No, and every new Doctor that's revealed to be a white dude prompts greater and greater irritation with this fact. That reached a fever pitch before Capaldi's tenure was announced last fall, and it didn't really go away, even when a much-loved actor like Capaldi was named to the role. Showrunner Steven Moffat didn't help matters, which speaks to some of his seasons' larger issues with roles for women.
So Moffat's seasons have come under fire?
Somewhat. Doctor Who always comes in for criticism, sometimes because of legitimate problems and sometimes because Doctor Who fans are intensely devoted to their program of choice. But the issues critics and fans have raised with Moffat's female characters are particularly troubling.
Moffat's a sterling storyteller, and his seasons have ingenious clockwork structures that the Doctor has to deduce. But this means that for the most part, his female characters (usually the companions, but also River Song, a love interest for the Doctor) are reduced from human beings who drive the story forward to plot devices the Doctor has to figure out.
Moffat writes superficially strong women, who have facility with a quip and are able to think their way out of sticky situations, but they also tend to be reduced to damsels in distress when it comes right down to it, and they react to hugely emotional situations — like, say, having their child taken from them — in largely unbelievable ways.
The question is whether this is specifically a problem with Moffat's writing for women or more a problem with his writing of characters who aren't the Doctor, and it would seem to skew more toward the latter. For one thing, Moffat has written interesting, believable female characters on other shows, like his much loved sitcom Coupling. For another, Moffat clearly just really loves the Doctor and seemingly would prefer to write only for him a lot of the time.
Okay, so... 33 seasons of television. How much of this do I actually have to watch?
Well, 97 episodes of the original series are lost to us, thanks to the BBC recording over them. We have audio tapes of them, which have been matched to production stills, but it's not the same, is it? So you can't watch all of Doctor Who. And you might not want to anyway.
This leaves you with three options.
Pick and choose episodes from the first 26 seasons, then dive into the new show: There are plenty of people out there who will offer you opinions on those first 26 seasons, and you can get a nice overview of every single Doctor before watching the new series. Several highlights from the earlier show are available on Netflix.
Just start with the new series: Yeah, there are seven seasons (and a weird mini-season of specials made with Tennant), but none of them is very long, and they go by quickly. Plus, the first episode tells you everything you need to know to enjoy the show. It's all on Netflix.

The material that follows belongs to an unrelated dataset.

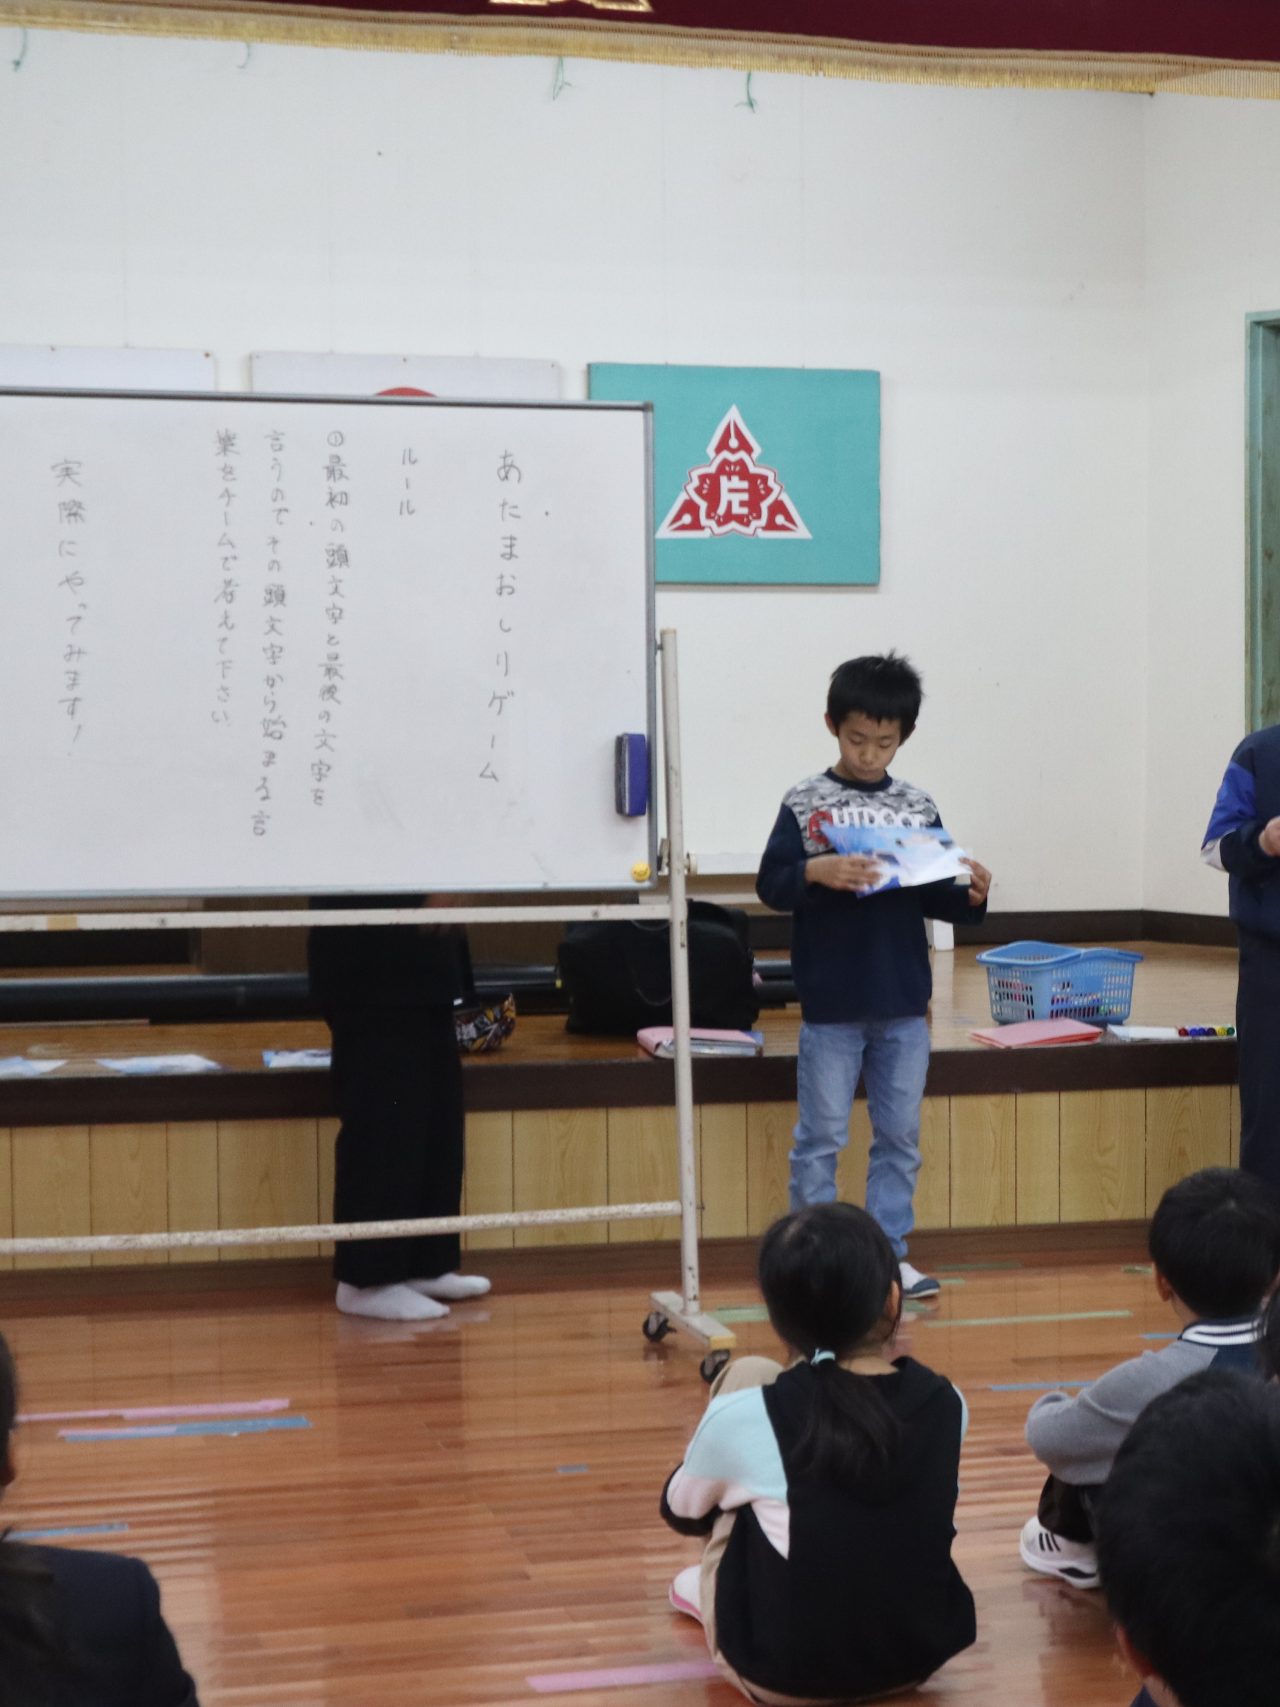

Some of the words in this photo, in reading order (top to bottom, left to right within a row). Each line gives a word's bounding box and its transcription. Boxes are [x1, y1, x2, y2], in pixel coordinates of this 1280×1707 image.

Start with the new episode on Saturday: Doctor Who has serialized elements, but rarely ones that are difficult to follow across seasons. Generally, a new Doctor taking over the role is a great time to hop on board, and Saturday's premiere is very welcoming to Who newbies.
Do you have some episodes I should watch before Saturday's premiere?
We're going to go with five from the new series. Episodes from the older series are generally best worked into after indulging in the more modern show.
"Father's Day": This terrific installment from Eccleston's first and only season reflects how well Davies handled the problems and sorrows of the companions.
"The Girl in the Fireplace": Moffat wrote this one-off during Davies's tenure, and it's a lovely, moving romance told in one hour, with time travel as the unifying element.
"Midnight": Another Davies episode features Tennant at his best and a great, involving conceit straight out of The Twilight Zone.
"Vincent and the Doctor": Smith's Eleventh Doctor runs into Vincent Van Gogh in a lovely tale of art, depression, and commerce.
"The Doctor's Wife": An ingenious episode written by acclaimed author Neil Gaiman reveals the true identity of the woman in the title.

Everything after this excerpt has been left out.